▶ **The task**: The reply should reproduce every line of the data below word for word, minus any images.

▶ **The input**:
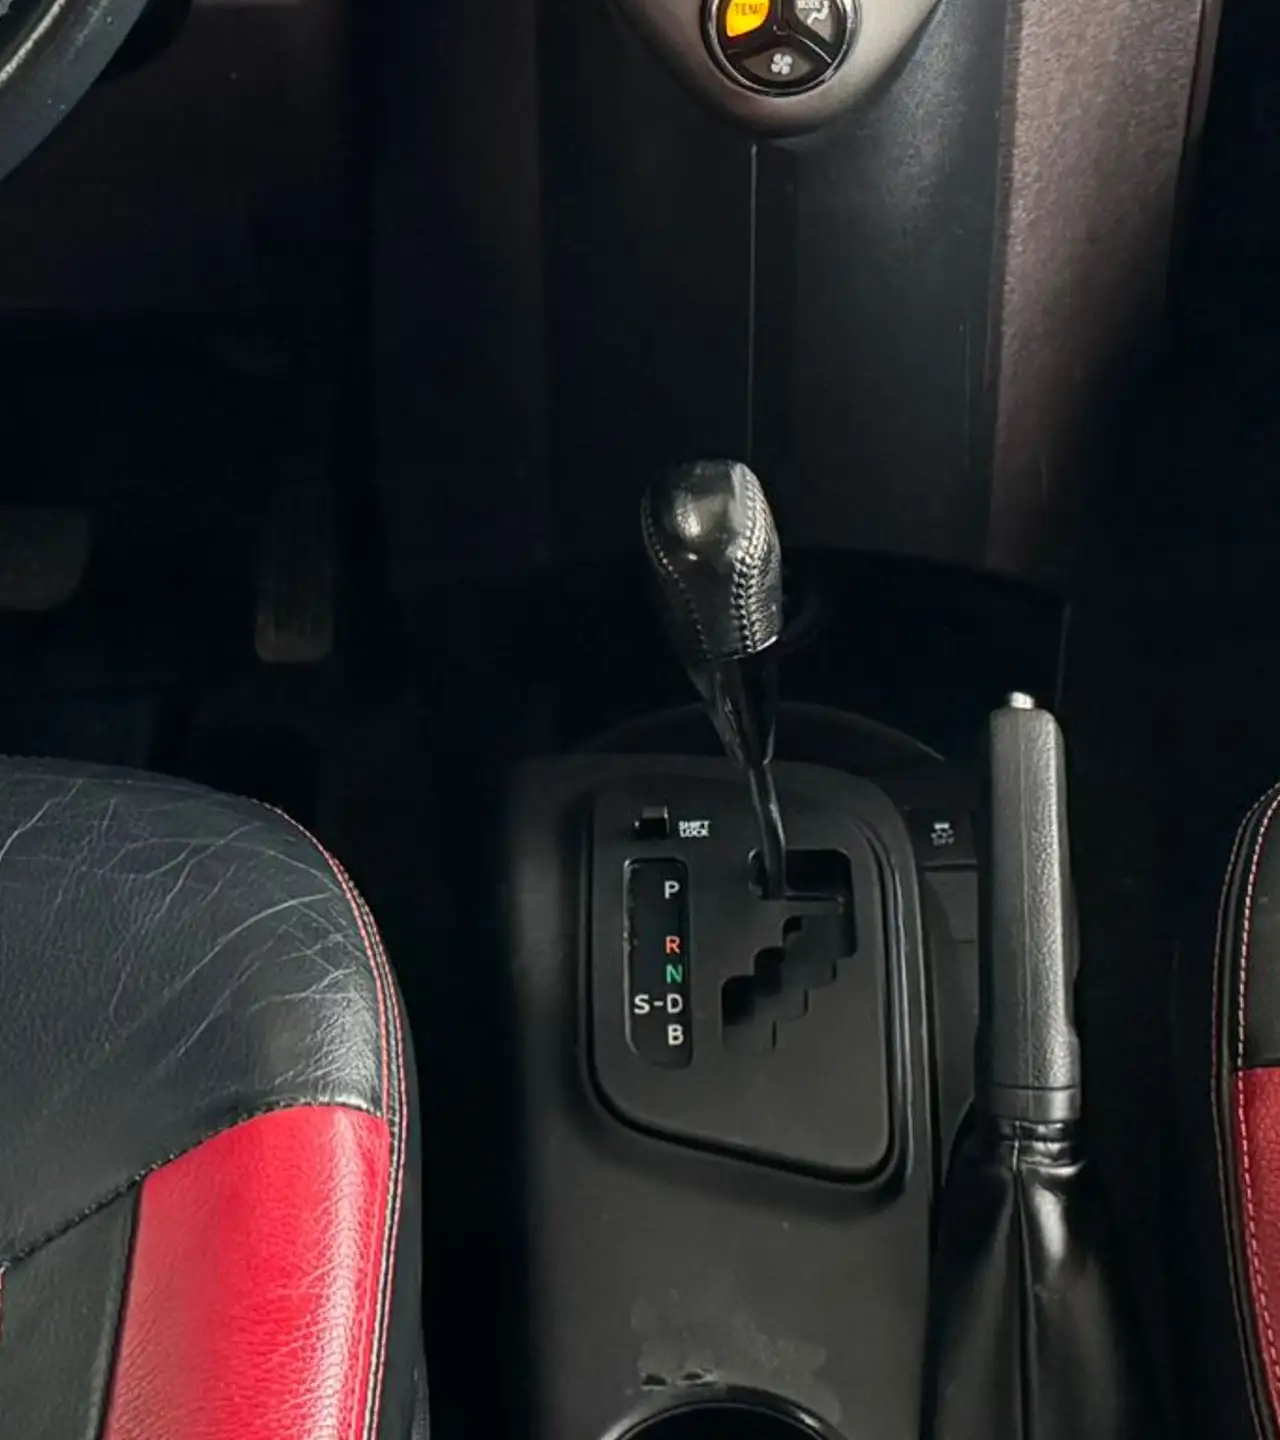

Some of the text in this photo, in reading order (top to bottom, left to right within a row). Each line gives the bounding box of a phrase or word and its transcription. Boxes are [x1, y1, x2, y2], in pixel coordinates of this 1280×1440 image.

[735, 2, 766, 17] TEMP
[678, 820, 710, 829] SHIFT
[679, 828, 710, 838] LOCK
[664, 880, 681, 900] P
[665, 935, 682, 954] R
[665, 963, 683, 984] N
[633, 993, 683, 1014] S-D
[667, 1023, 684, 1046] B
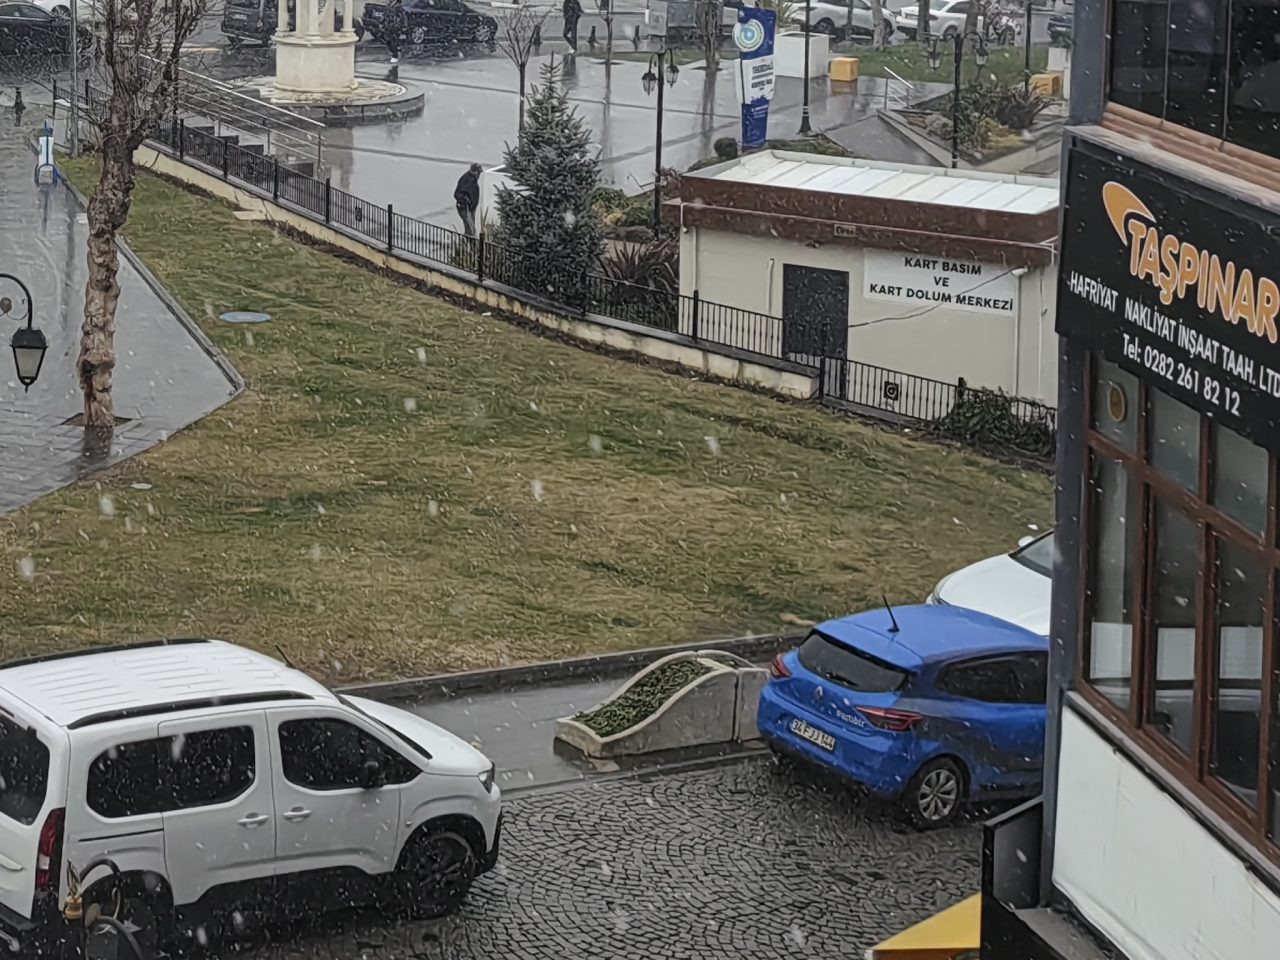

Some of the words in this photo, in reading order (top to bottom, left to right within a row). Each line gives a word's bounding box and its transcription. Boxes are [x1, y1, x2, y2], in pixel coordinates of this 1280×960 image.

[904, 256, 939, 270] KART
[941, 262, 982, 276] BASIM
[933, 276, 950, 287] VE
[1128, 218, 1279, 344] TAŞPINAR
[870, 283, 903, 297] KART
[906, 289, 952, 304] DOLUM
[955, 294, 1014, 311] MERKEZİ
[1070, 270, 1119, 312] HAFRİYAT
[1125, 297, 1176, 342] NAKLİYAT
[1178, 318, 1220, 364] İNŞAAT
[1221, 344, 1256, 386] TAAH.
[1123, 333, 1141, 363] Tel:
[1144, 345, 1174, 380] 0282
[1177, 363, 1199, 394] 261
[1203, 376, 1220, 405] 82
[1225, 387, 1241, 417] 12
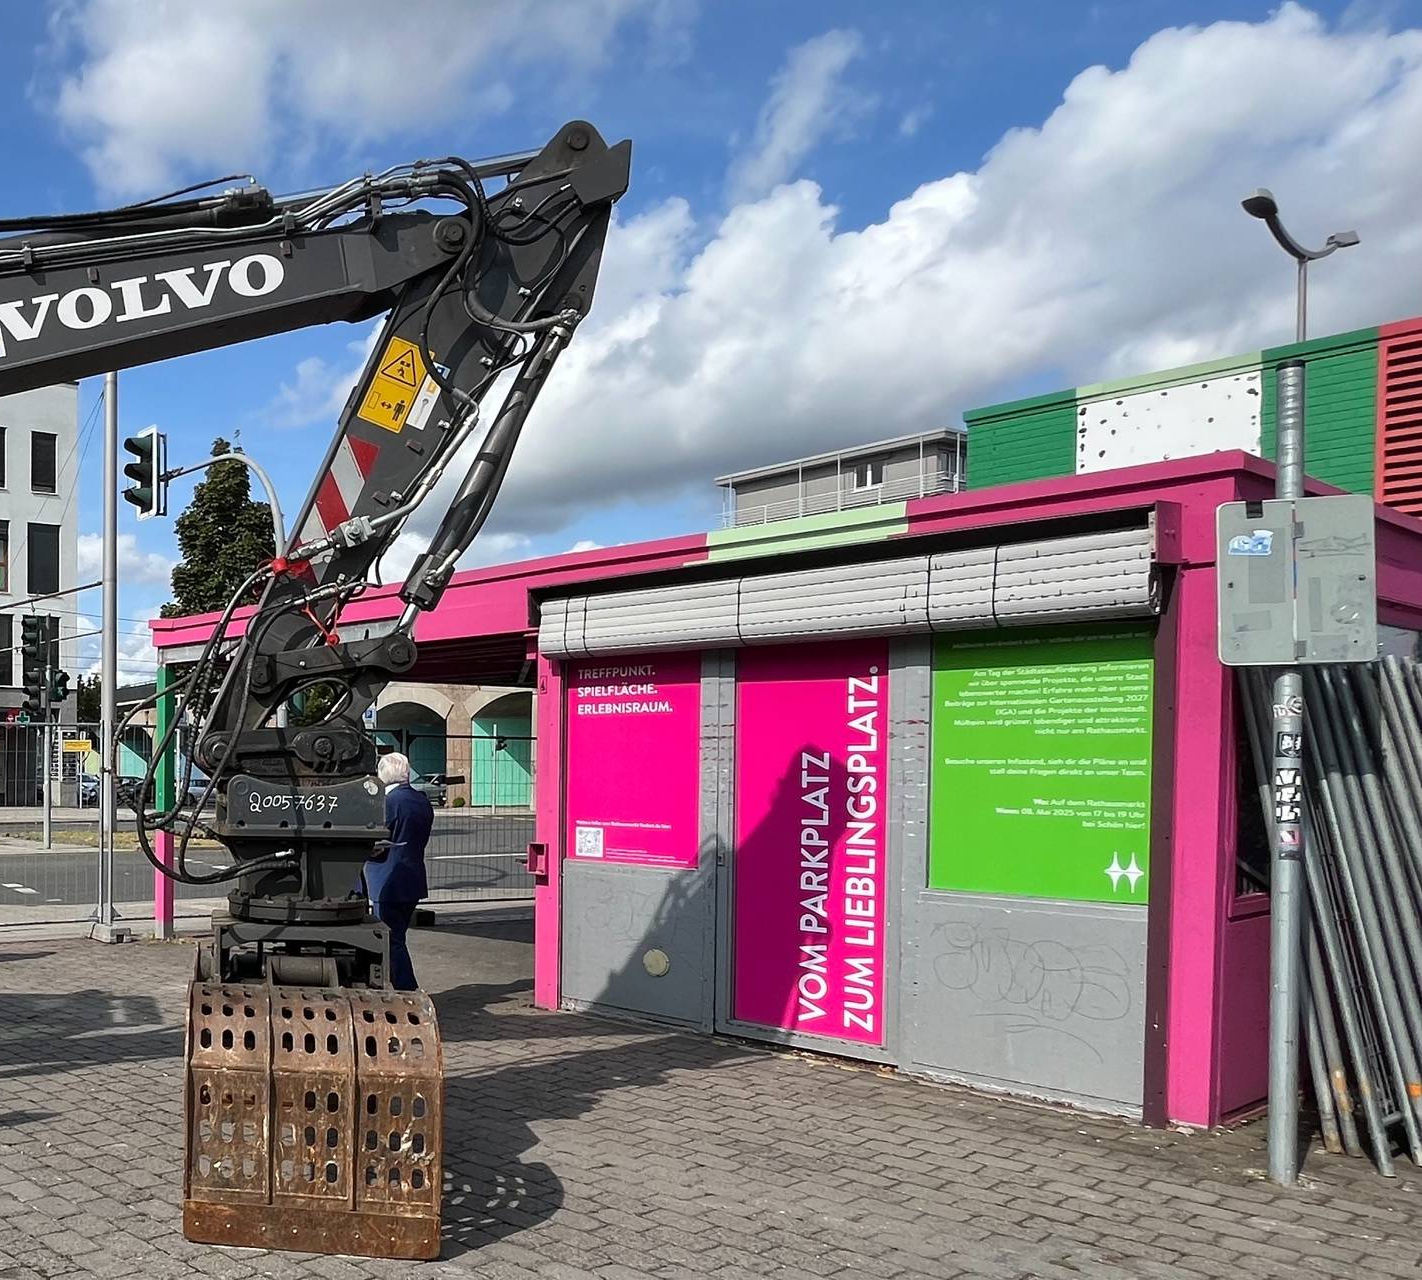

▶ **Response to the exercise**:
Some of the text in this photo, in reading order (top to bottom, left to right within a row). Each line gives the bounding box of a phrase or word and its transcription. Boxes are [x1, y1, x2, y2], in pixel coordinates of this 1280×1440 image.

[735, 2, 766, 17] TEMP
[678, 820, 710, 829] SHIFT
[679, 828, 710, 838] LOCK
[664, 880, 681, 900] P
[665, 935, 682, 954] R
[665, 963, 683, 984] N
[633, 993, 683, 1014] S-D
[667, 1023, 684, 1046] B

Some of the words in this photo, in reading order (top to bottom, left to right within a row). Each line gives a word's bounding box and its transcription. Boxes are [x1, y1, x2, y2], in pixel coordinates of this 1280×960 image.

[904, 256, 939, 270] KART
[941, 262, 982, 276] BASIM
[933, 276, 950, 287] VE
[1128, 218, 1279, 344] TAŞPINAR
[870, 283, 903, 297] KART
[906, 289, 952, 304] DOLUM
[955, 294, 1014, 311] MERKEZİ
[1070, 270, 1119, 312] HAFRİYAT
[1125, 297, 1176, 342] NAKLİYAT
[1178, 318, 1220, 364] İNŞAAT
[1221, 344, 1256, 386] TAAH.
[1123, 333, 1141, 363] Tel:
[1144, 345, 1174, 380] 0282
[1177, 363, 1199, 394] 261
[1203, 376, 1220, 405] 82
[1225, 387, 1241, 417] 12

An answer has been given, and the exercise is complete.